El propósito de aquellas familias era muy comprensible y loable. Un título universitario abría la puerta a bienes tales como un trabajo mejor, un nivel de vida superior y reconocimiento social. Tener un hijo universitario era un orgullo para unas familias que habían decidido invertir mucho en educación. No un orgullo envanecido, sino la satisfacción por que los hijos superasen una larga y difícil prueba que requiere de cualidades específicas y de un gran esfuerzo sostenido.

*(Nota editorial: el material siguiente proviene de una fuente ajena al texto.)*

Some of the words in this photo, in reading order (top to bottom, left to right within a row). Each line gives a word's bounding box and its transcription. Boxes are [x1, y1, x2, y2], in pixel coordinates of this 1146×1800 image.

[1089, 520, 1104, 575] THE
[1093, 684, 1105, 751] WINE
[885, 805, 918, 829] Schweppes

Insisto en el esfuerzo que implica el estudio, por lo infravalorado que está hoy, como si estudiar fuese lo más fácil del mundo y el estudiante disfrutara de una vida regalada. Un menosprecio al que ha contribuido la constante rebaja del listón de la exigencia en el sistema educativo. Cuando en nombre de la igualdad, o para evitar problemas, se aprueba a alumnos que no lo merecen, se hace un flaco favor al valor del título, al propio alumno y a la sociedad.
En la época de la que hablaba, las familias deseaban que los hijos estudiaran una carrera, pero al tiempo tenían muy claro que no todos disponían de las cualidades adecuadas. En mi infancia, he oído decir muchas veces aquello de que Fulanito “no vale para estudiar”. Pegar los codos a la mesa, concentrarse en los libros, atender en clase, no se le daba bien y había que buscarle otra salida. Si alguien dijera hoy eso, ¡uf!, le tacharían de elitista o clasista. Pero tenían razón aquellos padres: no todo el mundo vale para estudiar, como no todo el mundo vale para ser artista.

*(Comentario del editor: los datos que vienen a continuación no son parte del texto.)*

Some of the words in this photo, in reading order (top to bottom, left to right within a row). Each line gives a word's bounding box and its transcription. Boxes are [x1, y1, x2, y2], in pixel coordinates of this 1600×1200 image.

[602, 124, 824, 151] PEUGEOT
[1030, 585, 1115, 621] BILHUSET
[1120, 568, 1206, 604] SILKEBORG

A medida que se eliminaron filtros de selección, la “masificación universitaria” fue a más y se comenzó a hablar de inflación de títulos. Si acudimos al último informe de la OCDE, “Education at a glance 2013”, en España un 32 por ciento de personas, entre 25 y 64 años, dispone de títulos superiores. Menos que Estados Unidos, Reino Unido, Finlandia o Noruega. Pero más, ¡atención!, que Alemania (28%), Francia (30%) o Italia (15%).
Con ese 32 por ciento de personas con estudios superiores estamos en el promedio de la OCDE, por lo que podemos decir que el problema no es la tan comentada inflación de títulos. Pero veamos otro aspecto de la cuestión. Cuando el número de licenciados rebasa cierto umbral, habrá cada vez más personas que quieran serlo, puesto que carecer de una licenciatura, cuando la tiene ya tanta gente, no es la mejor carta de presentación para un trabajo.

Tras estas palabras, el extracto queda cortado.